The key thing that we should be trying to do with new technology is help enable organisations to focus on what they are good at with the path of least resistance (e.g. banks focus on offering financial services rather than being the “best” at creating operating systems or building platforms). It is not just me that has these type of thoughts, someone much wiser and smarter than me in this space has commented on it in the past;
What we should be doing is looking at the right abstraction to run the business value workloads. PaaS are great for applications that are “cloud native” and are stateless while some workloads are great to run at a CaaS layer, and others much at a much higher abstraction like FaaS (Function as a Service).
To circle back round to the comment I made earlier about needing to consider more “things” to get applications up and running on vanilla K8s compared to a PaaS. A colleague Ben Wilcock put together a nice illustration of deploying an application to both a PaaS (cloud foundry, or PAS in this case) and K8s (CaaS, PKS in this case);
As you can see from a developer perspective much more configuration is needed, a good amount of YAML architecting.
So what is the point I am trying to make?

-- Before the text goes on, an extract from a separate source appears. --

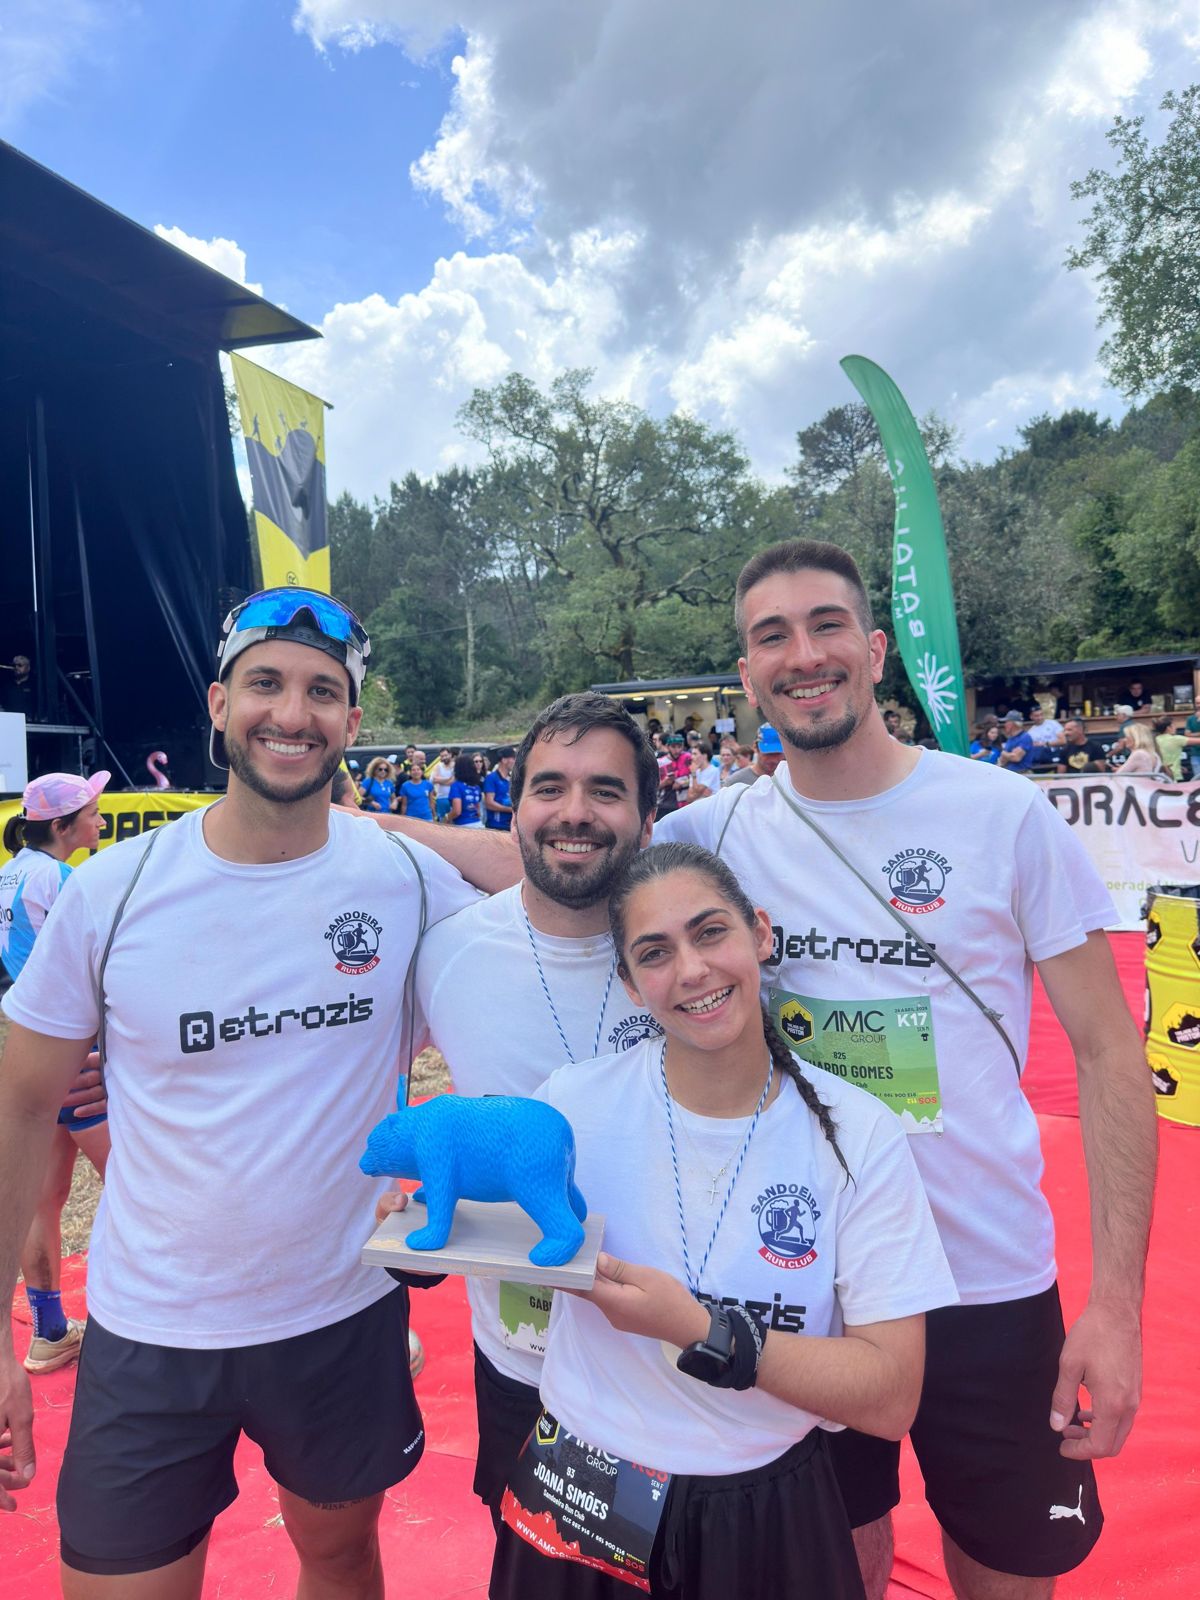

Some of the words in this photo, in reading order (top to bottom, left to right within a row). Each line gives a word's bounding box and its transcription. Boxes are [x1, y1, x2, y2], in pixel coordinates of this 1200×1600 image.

What I wanted to highlight is that we need to select the right level of abstraction for the workload rather than trying to shoehorn everything into the current hype technology. Some applications are perfect for CaaS, others PaaS and certain for FaaS. In fact standard VM’s from an IaaS could well be a good fit for some workloads. Don’t limit your thinking to try and find a problem for K8s to fix, or any technology for that matter. Look at what you are trying to achieve and select the best option to achieve it.